● INPUT:
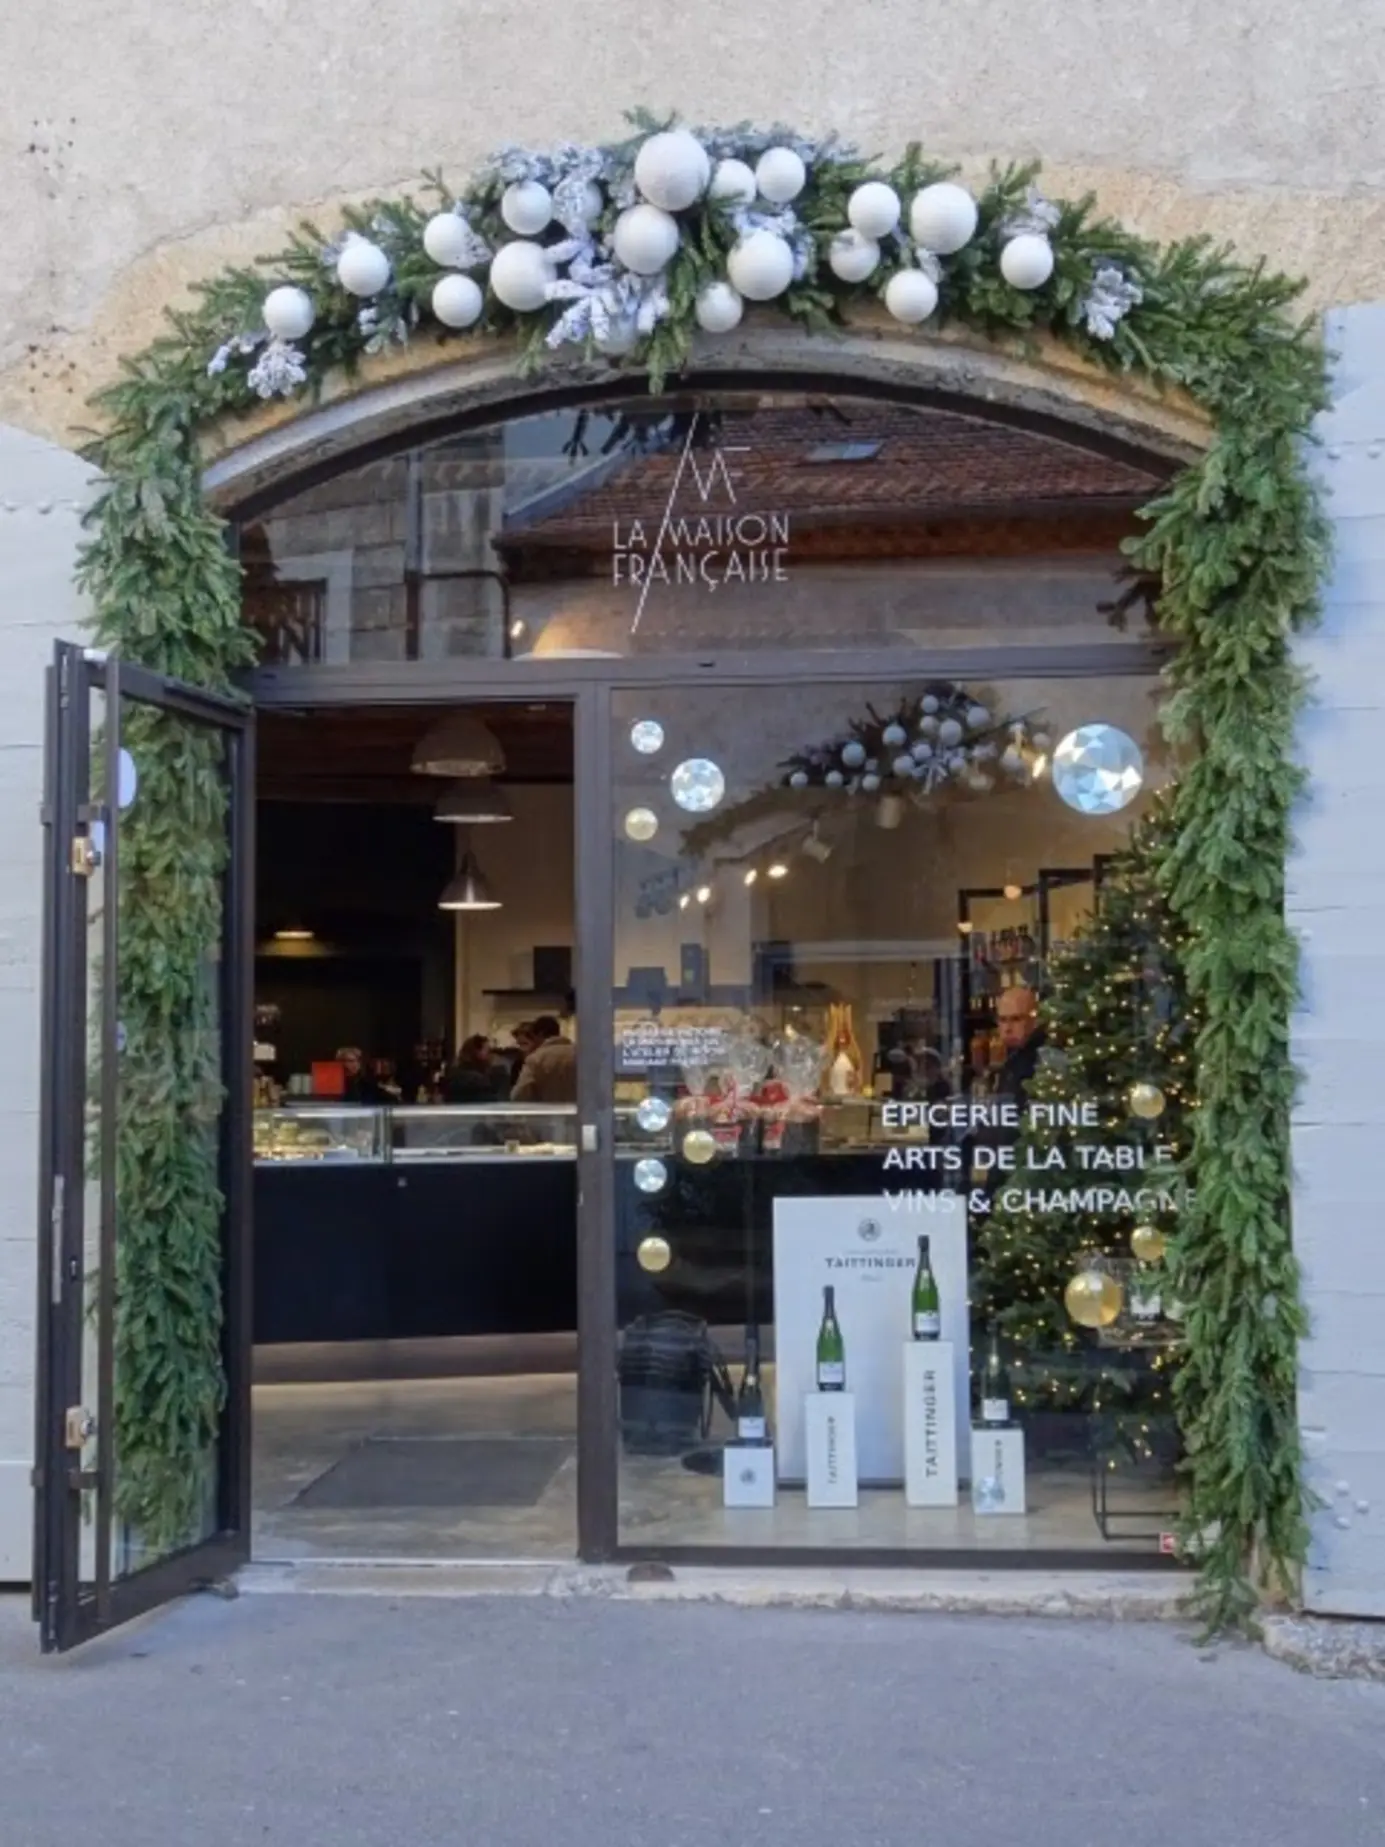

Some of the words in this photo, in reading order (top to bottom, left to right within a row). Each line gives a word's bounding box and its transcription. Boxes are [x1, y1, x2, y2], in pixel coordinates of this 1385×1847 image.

[613, 520, 647, 550] LA
[657, 514, 789, 547] MAISON
[613, 548, 789, 593] FRANÇAISE
[1030, 1103, 1100, 1128] FINE
[882, 1145, 962, 1170] ARTS
[973, 1146, 1016, 1170] DE
[1027, 1146, 1065, 1170] LA
[882, 1188, 956, 1213] VINS
[968, 1188, 991, 1213] &
[824, 1257, 916, 1269] TAITTINGER
[923, 1369, 937, 1479] TAITTINGER
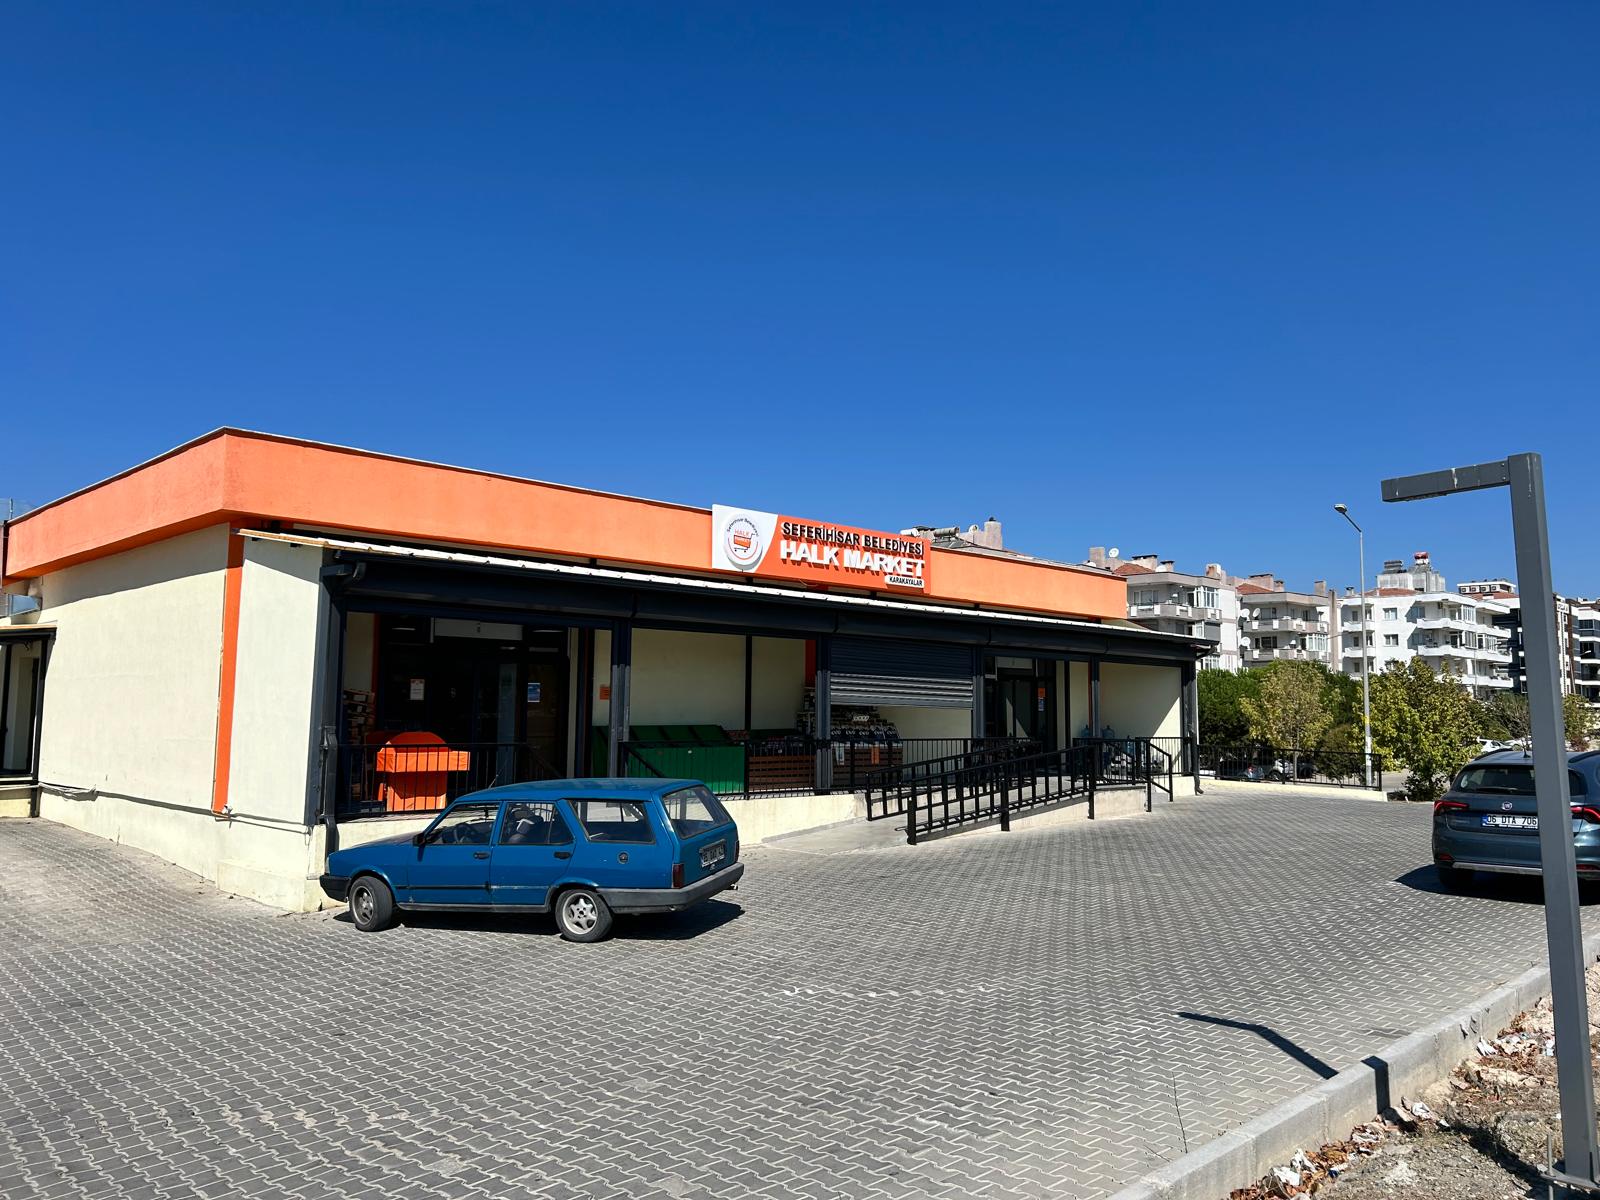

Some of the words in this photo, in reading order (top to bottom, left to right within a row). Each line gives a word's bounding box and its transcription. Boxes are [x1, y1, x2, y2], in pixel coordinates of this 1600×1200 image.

[782, 521, 860, 545] SEFERİHİSAR
[863, 535, 924, 556] BELEDİYESİ
[780, 539, 840, 567] HALK
[843, 549, 925, 577] MARKET
[889, 576, 923, 587] KARAKAYALAR

● WORK ORDER:
Could you retype every line above exactly as it appears, skipping the pictures?

● ANSWER AREA:
Some of the words in this photo, in reading order (top to bottom, left to right within a row). Each line gives a word's bounding box and its transcription. Boxes are [x1, y1, x2, y2], in pixel coordinates of this 1385×1847 image.

[613, 520, 647, 550] LA
[657, 514, 789, 547] MAISON
[613, 548, 789, 593] FRANÇAISE
[1030, 1103, 1100, 1128] FINE
[882, 1145, 962, 1170] ARTS
[973, 1146, 1016, 1170] DE
[1027, 1146, 1065, 1170] LA
[882, 1188, 956, 1213] VINS
[968, 1188, 991, 1213] &
[824, 1257, 916, 1269] TAITTINGER
[923, 1369, 937, 1479] TAITTINGER

Some of the words in this photo, in reading order (top to bottom, left to right within a row). Each line gives a word's bounding box and its transcription. Boxes are [x1, y1, x2, y2], in pixel coordinates of this 1600×1200 image.

[782, 521, 860, 545] SEFERİHİSAR
[863, 535, 924, 556] BELEDİYESİ
[780, 539, 840, 567] HALK
[843, 549, 925, 577] MARKET
[889, 576, 923, 587] KARAKAYALAR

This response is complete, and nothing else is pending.